Le intelligenze automatiche sono sistemi capaci di prendere decisioni, apprendere e agire senza intervento umano continuo, grazie ad algoritmi avanzati e a una grande mole di dati. Questo tipo di intelligenza si distingue per la sua capacità di funzionare in modo indipendente, adattarsi a nuove situazioni e, in molti casi, ottimizzare le proprie prestazioni nel tempo.

Circa quarant’anni fa, qualche nerd programmatore decise di creare macchine in grado di raccogliere dati esterni e analizzarli per prevedere il futuro. Naturalmente, questi geni non si fecero sfuggire il potenziale del mercato azionario e iniziarono a vendere i loro dati agli investitori. Ma, come spesso accade, alla lunga i nerd fecero ciò che sanno fare meglio: automatizzarono tutto. Si ritrovarono così con macchine che emettevano report in modo autonomo e altre macchine che leggevano quei report e operavano a loro volta, creando un ciclo di feedback interamente autonomo. Da quel momento, il mercato non è più realmente sotto controllo umano. E se qualcuno osasse spezzare anche solo uno di questi delicati circuiti, potremmo ritrovarci nella crisi del ’29 – ma stavolta con un tutorial su YouTube per imparare a sopravvivere.

Con l’arrivo di Internet, i marketer si sono lanciati nel content marketing, una strategia in cui prodotto e narrazione coincidono, tipo quando compri uno smartphone e ti vendono un’identità da minimalista illuminato.

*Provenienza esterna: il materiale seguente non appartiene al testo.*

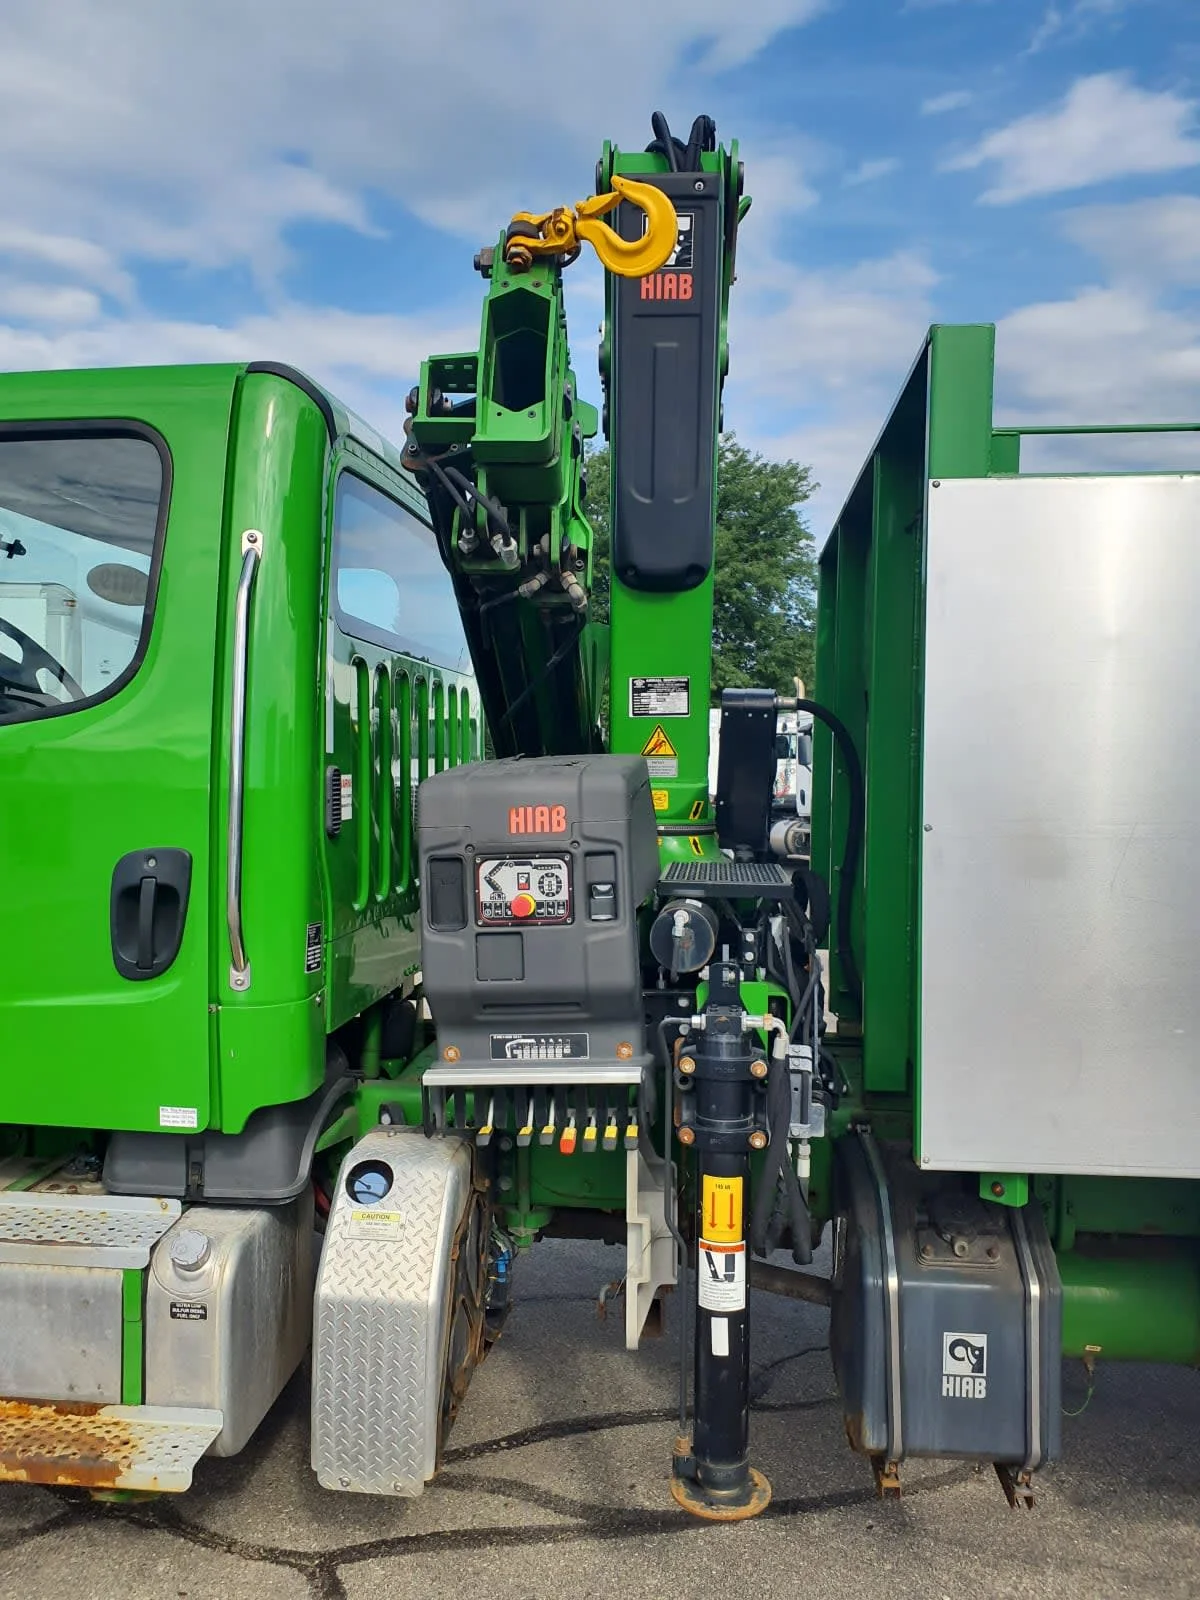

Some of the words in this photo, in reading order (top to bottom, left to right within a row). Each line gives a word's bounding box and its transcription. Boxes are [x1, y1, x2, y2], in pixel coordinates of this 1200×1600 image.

In pochi si rendono davvero conto di quanto questi feedback loop autonomi abbiano ormai infiltrato ogni angolo del nostro sistema economico, che si è evoluto in un mercato dei contenuti. Oggi si vendono narrative, non prodotti. Questo significa che algoritmi matematici astratti gestiscono parte della nostra produzione culturale, decidendone la diffusione in base a un’analisi fredda e automatica dei gusti popolari – come se Michelangelo avesse scolpito il David per promuovere abbonamenti in palestra 24/7.

Negli anni ’80 si faceva già qualcosa di simile, ma oggi la questione è più seria: i dati dei consumatori vengono forniti direttamente alle intelligenze automatiche, che analizzano quali storie vendono e quali no. Siamo ufficialmente entrati nell’epoca dell’iper-normalizzazione, termine che descrive come una realtà distorta venga presentata come normale fino al punto che nessuno si pone più domande. Originariamente associata alla propaganda sovietica, dove il regime costruiva una versione idealizzata della realtà, oggi l’iper-normalizzazione è diventata parte integrante del tardo-capitalismo. Non siamo più bombardati da inni al Partito, ma da pubblicità che ci promettono che una semplice app di fitness ci renderà atleti olimpici, anche se in realtà serve solo a vendere l’ultimo smartwatch.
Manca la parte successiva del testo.